◆ Task details: All of the data below should be returned exactly.

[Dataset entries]
________________________________________

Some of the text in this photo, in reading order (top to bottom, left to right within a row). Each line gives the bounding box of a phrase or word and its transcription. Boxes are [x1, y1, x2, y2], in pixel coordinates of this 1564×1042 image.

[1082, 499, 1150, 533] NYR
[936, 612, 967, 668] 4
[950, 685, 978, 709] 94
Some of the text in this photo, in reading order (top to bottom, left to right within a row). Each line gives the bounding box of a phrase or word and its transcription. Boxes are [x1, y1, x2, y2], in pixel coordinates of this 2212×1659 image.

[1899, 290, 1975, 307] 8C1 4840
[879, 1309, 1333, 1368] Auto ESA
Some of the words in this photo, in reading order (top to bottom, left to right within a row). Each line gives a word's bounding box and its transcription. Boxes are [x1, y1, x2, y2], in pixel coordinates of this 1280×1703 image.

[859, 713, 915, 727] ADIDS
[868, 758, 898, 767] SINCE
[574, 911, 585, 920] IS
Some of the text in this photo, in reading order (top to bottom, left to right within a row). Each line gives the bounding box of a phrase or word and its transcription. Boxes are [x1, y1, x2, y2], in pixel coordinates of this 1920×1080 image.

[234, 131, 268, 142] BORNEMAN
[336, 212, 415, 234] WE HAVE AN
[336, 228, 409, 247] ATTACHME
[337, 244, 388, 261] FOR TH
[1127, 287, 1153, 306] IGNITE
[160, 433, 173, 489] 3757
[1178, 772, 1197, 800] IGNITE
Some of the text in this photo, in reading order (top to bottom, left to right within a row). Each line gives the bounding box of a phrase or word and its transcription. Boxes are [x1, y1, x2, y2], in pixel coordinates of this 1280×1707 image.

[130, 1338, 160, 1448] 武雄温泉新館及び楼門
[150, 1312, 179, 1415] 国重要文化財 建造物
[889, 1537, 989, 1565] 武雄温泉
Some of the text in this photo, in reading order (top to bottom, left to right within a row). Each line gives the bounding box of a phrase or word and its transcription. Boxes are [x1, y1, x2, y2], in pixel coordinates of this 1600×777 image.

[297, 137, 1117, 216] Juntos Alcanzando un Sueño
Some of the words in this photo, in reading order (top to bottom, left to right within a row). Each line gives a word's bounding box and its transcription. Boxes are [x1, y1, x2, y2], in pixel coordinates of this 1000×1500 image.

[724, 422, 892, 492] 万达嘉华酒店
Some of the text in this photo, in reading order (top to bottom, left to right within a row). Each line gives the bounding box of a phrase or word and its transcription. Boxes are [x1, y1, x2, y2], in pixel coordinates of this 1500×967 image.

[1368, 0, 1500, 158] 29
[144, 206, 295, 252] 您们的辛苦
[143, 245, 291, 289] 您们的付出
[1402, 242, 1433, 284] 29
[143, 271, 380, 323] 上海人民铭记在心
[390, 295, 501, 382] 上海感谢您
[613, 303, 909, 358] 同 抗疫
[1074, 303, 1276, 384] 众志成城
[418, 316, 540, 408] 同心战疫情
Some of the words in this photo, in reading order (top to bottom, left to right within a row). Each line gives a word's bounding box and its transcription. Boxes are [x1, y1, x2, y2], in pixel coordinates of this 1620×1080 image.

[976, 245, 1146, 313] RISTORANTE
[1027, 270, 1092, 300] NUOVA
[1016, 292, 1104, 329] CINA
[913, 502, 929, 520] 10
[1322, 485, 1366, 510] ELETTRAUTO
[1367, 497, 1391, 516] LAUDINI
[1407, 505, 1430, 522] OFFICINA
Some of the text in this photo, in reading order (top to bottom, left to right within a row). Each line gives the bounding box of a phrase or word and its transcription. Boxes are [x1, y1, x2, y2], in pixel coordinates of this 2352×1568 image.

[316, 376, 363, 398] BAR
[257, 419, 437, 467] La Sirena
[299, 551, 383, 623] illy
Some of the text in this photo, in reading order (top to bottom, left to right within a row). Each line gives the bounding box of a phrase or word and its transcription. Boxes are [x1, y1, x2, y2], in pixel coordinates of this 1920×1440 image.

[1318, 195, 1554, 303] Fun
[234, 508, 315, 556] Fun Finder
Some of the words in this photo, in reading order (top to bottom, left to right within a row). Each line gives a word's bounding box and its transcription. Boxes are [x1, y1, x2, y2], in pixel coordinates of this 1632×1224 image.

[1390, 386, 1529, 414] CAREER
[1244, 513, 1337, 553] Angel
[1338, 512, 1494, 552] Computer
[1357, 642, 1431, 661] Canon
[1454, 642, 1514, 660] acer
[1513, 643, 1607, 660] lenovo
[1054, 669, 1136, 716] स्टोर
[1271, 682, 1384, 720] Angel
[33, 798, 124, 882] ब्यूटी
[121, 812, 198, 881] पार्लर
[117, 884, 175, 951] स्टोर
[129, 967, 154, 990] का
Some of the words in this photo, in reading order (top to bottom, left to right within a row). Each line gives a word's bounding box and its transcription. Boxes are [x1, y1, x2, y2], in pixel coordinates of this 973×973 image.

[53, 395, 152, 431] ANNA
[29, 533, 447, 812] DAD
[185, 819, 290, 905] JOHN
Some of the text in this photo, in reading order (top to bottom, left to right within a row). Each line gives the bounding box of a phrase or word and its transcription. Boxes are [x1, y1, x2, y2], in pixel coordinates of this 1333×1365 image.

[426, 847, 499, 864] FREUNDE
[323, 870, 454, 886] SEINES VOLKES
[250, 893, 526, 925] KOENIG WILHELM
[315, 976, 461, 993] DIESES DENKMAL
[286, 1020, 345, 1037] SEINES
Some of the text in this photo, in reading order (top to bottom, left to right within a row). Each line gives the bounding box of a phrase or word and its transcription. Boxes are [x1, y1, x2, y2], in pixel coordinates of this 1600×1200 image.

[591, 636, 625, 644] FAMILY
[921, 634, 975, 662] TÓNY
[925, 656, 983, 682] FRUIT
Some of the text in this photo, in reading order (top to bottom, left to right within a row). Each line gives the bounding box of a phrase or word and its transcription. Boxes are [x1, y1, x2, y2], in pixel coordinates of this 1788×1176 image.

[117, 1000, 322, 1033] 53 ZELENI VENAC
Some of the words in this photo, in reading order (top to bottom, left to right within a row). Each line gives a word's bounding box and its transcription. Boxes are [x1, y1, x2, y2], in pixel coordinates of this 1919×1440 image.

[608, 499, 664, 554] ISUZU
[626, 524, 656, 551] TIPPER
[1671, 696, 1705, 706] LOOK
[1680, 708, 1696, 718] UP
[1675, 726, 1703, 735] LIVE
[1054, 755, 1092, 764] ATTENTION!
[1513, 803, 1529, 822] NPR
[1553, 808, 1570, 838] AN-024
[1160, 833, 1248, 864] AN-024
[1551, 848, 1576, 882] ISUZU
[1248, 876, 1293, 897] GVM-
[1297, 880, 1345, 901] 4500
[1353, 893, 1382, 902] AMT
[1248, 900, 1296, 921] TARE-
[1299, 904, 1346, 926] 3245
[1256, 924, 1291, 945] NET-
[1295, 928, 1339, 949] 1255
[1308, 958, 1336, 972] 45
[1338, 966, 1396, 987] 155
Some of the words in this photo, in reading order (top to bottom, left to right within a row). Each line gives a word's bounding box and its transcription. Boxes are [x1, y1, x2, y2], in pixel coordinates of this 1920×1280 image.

________________________________________

◆ Result for this task:
Some of the text in this photo, in reading order (top to bottom, left to right within a row). Each line gives the bounding box of a phrase or word and its transcription. Boxes are [x1, y1, x2, y2], in pixel coordinates of this 1564×1042 image.

[1082, 499, 1150, 533] NYR
[936, 612, 967, 668] 4
[950, 685, 978, 709] 94
Some of the text in this photo, in reading order (top to bottom, left to right within a row). Each line gives the bounding box of a phrase or word and its transcription. Boxes are [x1, y1, x2, y2], in pixel coordinates of this 2212×1659 image.

[1899, 290, 1975, 307] 8C1 4840
[879, 1309, 1333, 1368] Auto ESA
Some of the words in this photo, in reading order (top to bottom, left to right within a row). Each line gives a word's bounding box and its transcription. Boxes are [x1, y1, x2, y2], in pixel coordinates of this 1280×1703 image.

[859, 713, 915, 727] ADIDS
[868, 758, 898, 767] SINCE
[574, 911, 585, 920] IS
Some of the text in this photo, in reading order (top to bottom, left to right within a row). Each line gives the bounding box of a phrase or word and its transcription. Boxes are [x1, y1, x2, y2], in pixel coordinates of this 1920×1080 image.

[234, 131, 268, 142] BORNEMAN
[336, 212, 415, 234] WE HAVE AN
[336, 228, 409, 247] ATTACHME
[337, 244, 388, 261] FOR TH
[1127, 287, 1153, 306] IGNITE
[160, 433, 173, 489] 3757
[1178, 772, 1197, 800] IGNITE
Some of the text in this photo, in reading order (top to bottom, left to right within a row). Each line gives the bounding box of a phrase or word and its transcription. Boxes are [x1, y1, x2, y2], in pixel coordinates of this 1280×1707 image.

[130, 1338, 160, 1448] 武雄温泉新館及び楼門
[150, 1312, 179, 1415] 国重要文化財 建造物
[889, 1537, 989, 1565] 武雄温泉
Some of the text in this photo, in reading order (top to bottom, left to right within a row). Each line gives the bounding box of a phrase or word and its transcription. Boxes are [x1, y1, x2, y2], in pixel coordinates of this 1600×777 image.

[297, 137, 1117, 216] Juntos Alcanzando un Sueño
Some of the words in this photo, in reading order (top to bottom, left to right within a row). Each line gives a word's bounding box and its transcription. Boxes are [x1, y1, x2, y2], in pixel coordinates of this 1000×1500 image.

[724, 422, 892, 492] 万达嘉华酒店
Some of the text in this photo, in reading order (top to bottom, left to right within a row). Each line gives the bounding box of a phrase or word and its transcription. Boxes are [x1, y1, x2, y2], in pixel coordinates of this 1500×967 image.

[1368, 0, 1500, 158] 29
[144, 206, 295, 252] 您们的辛苦
[143, 245, 291, 289] 您们的付出
[1402, 242, 1433, 284] 29
[143, 271, 380, 323] 上海人民铭记在心
[390, 295, 501, 382] 上海感谢您
[613, 303, 909, 358] 同 抗疫
[1074, 303, 1276, 384] 众志成城
[418, 316, 540, 408] 同心战疫情
Some of the words in this photo, in reading order (top to bottom, left to right within a row). Each line gives a word's bounding box and its transcription. Boxes are [x1, y1, x2, y2], in pixel coordinates of this 1620×1080 image.

[976, 245, 1146, 313] RISTORANTE
[1027, 270, 1092, 300] NUOVA
[1016, 292, 1104, 329] CINA
[913, 502, 929, 520] 10
[1322, 485, 1366, 510] ELETTRAUTO
[1367, 497, 1391, 516] LAUDINI
[1407, 505, 1430, 522] OFFICINA
Some of the text in this photo, in reading order (top to bottom, left to right within a row). Each line gives the bounding box of a phrase or word and its transcription. Boxes are [x1, y1, x2, y2], in pixel coordinates of this 2352×1568 image.

[316, 376, 363, 398] BAR
[257, 419, 437, 467] La Sirena
[299, 551, 383, 623] illy
Some of the text in this photo, in reading order (top to bottom, left to right within a row). Each line gives the bounding box of a phrase or word and its transcription. Boxes are [x1, y1, x2, y2], in pixel coordinates of this 1920×1440 image.

[1318, 195, 1554, 303] Fun
[234, 508, 315, 556] Fun Finder
Some of the words in this photo, in reading order (top to bottom, left to right within a row). Each line gives a word's bounding box and its transcription. Boxes are [x1, y1, x2, y2], in pixel coordinates of this 1632×1224 image.

[1390, 386, 1529, 414] CAREER
[1244, 513, 1337, 553] Angel
[1338, 512, 1494, 552] Computer
[1357, 642, 1431, 661] Canon
[1454, 642, 1514, 660] acer
[1513, 643, 1607, 660] lenovo
[1054, 669, 1136, 716] स्टोर
[1271, 682, 1384, 720] Angel
[33, 798, 124, 882] ब्यूटी
[121, 812, 198, 881] पार्लर
[117, 884, 175, 951] स्टोर
[129, 967, 154, 990] का
Some of the words in this photo, in reading order (top to bottom, left to right within a row). Each line gives a word's bounding box and its transcription. Boxes are [x1, y1, x2, y2], in pixel coordinates of this 973×973 image.

[53, 395, 152, 431] ANNA
[29, 533, 447, 812] DAD
[185, 819, 290, 905] JOHN
Some of the text in this photo, in reading order (top to bottom, left to right within a row). Each line gives the bounding box of a phrase or word and its transcription. Boxes are [x1, y1, x2, y2], in pixel coordinates of this 1333×1365 image.

[426, 847, 499, 864] FREUNDE
[323, 870, 454, 886] SEINES VOLKES
[250, 893, 526, 925] KOENIG WILHELM
[315, 976, 461, 993] DIESES DENKMAL
[286, 1020, 345, 1037] SEINES
Some of the text in this photo, in reading order (top to bottom, left to right within a row). Each line gives the bounding box of a phrase or word and its transcription. Boxes are [x1, y1, x2, y2], in pixel coordinates of this 1600×1200 image.

[591, 636, 625, 644] FAMILY
[921, 634, 975, 662] TÓNY
[925, 656, 983, 682] FRUIT
Some of the text in this photo, in reading order (top to bottom, left to right within a row). Each line gives the bounding box of a phrase or word and its transcription. Boxes are [x1, y1, x2, y2], in pixel coordinates of this 1788×1176 image.

[117, 1000, 322, 1033] 53 ZELENI VENAC
Some of the words in this photo, in reading order (top to bottom, left to right within a row). Each line gives a word's bounding box and its transcription. Boxes are [x1, y1, x2, y2], in pixel coordinates of this 1919×1440 image.

[608, 499, 664, 554] ISUZU
[626, 524, 656, 551] TIPPER
[1671, 696, 1705, 706] LOOK
[1680, 708, 1696, 718] UP
[1675, 726, 1703, 735] LIVE
[1054, 755, 1092, 764] ATTENTION!
[1513, 803, 1529, 822] NPR
[1553, 808, 1570, 838] AN-024
[1160, 833, 1248, 864] AN-024
[1551, 848, 1576, 882] ISUZU
[1248, 876, 1293, 897] GVM-
[1297, 880, 1345, 901] 4500
[1353, 893, 1382, 902] AMT
[1248, 900, 1296, 921] TARE-
[1299, 904, 1346, 926] 3245
[1256, 924, 1291, 945] NET-
[1295, 928, 1339, 949] 1255
[1308, 958, 1336, 972] 45
[1338, 966, 1396, 987] 155
Some of the words in this photo, in reading order (top to bottom, left to right within a row). Each line gives a word's bounding box and its transcription. Boxes are [x1, y1, x2, y2], in pixel coordinates of this 1920×1280 image.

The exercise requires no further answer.